There are other factors driving the engagement. According to Pakistan’s refusal to grant transit rights, India aims to improve connectivity and access to Central Asia, which it doesn’t immediately access by property. Afghanistan is crucial to this purpose, according to experts. Working with Iran on the development of the Chabahar interface would be one way to improve exposure to Central Asia via Afghanistan.
” Delhi can focus more on the Afghanistan component of this plan by speaking with the Taliban leadership, who is fully supportive of India’s programs, as they would strengthen Afghanistan’s personal trade and communication hyperlinks,” says Mr. Kugelman.
Obviously, India’s latest outreach helps improve its primary interests in Taliban-led Afghanistan: preventing terrorism threats to India, deepening connectivity with Iran and Central Asia, maintaining open goodwill through aid, and countering a struggling Pakistan.
What about the downsides?
The Taliban itself poses the greatest threat to boosting ties with them.

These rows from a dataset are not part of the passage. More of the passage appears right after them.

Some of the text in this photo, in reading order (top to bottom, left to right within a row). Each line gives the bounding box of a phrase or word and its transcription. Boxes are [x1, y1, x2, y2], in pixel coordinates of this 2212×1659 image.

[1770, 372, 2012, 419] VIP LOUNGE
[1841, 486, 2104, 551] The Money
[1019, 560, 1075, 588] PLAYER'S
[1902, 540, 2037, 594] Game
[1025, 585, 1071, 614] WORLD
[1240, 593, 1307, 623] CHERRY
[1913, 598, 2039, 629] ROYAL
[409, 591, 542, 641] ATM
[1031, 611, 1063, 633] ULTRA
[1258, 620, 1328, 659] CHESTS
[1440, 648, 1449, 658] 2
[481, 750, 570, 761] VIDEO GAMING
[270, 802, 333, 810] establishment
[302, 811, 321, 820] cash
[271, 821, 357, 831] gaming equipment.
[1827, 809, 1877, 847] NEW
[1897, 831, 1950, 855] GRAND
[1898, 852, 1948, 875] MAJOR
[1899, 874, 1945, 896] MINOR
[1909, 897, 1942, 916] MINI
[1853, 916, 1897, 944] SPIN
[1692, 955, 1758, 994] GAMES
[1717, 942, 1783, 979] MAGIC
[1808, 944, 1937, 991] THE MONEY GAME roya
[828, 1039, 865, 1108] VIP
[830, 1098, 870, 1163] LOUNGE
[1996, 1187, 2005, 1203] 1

We’re talking about a violent and brutal actor who has close ties to international terrorist organizations, including Pakistani ones, who has done little to change the world from what it was in the 1990s, says Mr. Kugelman.
India may hope that, if it maintains the Taliban, it will less likely to denigrate India or its interests, so to speak. And that may be true. Can you really trust an actor like the Taliban, in the end? As India continues to exercise caution in this complex relationship, that will be the unsettling question that will linger over it.
Mr Prasad sees no downsides to India’s current engagement with Afghanistan, despite concerns over the Taliban’s treatment of women. ” The Taliban is fully in control. Afghans won’t benefit if they allow the Taliban to continue drinking from its own juice. A little dialogue with the international community might encourage the government to change its behavior.
” Remember, the Taliban is craving for recognition”, says Mr Prasad. They are aware that this will only occur following internal reforms. Like bringing women back into public life and restoring their rights to education, work and political participation.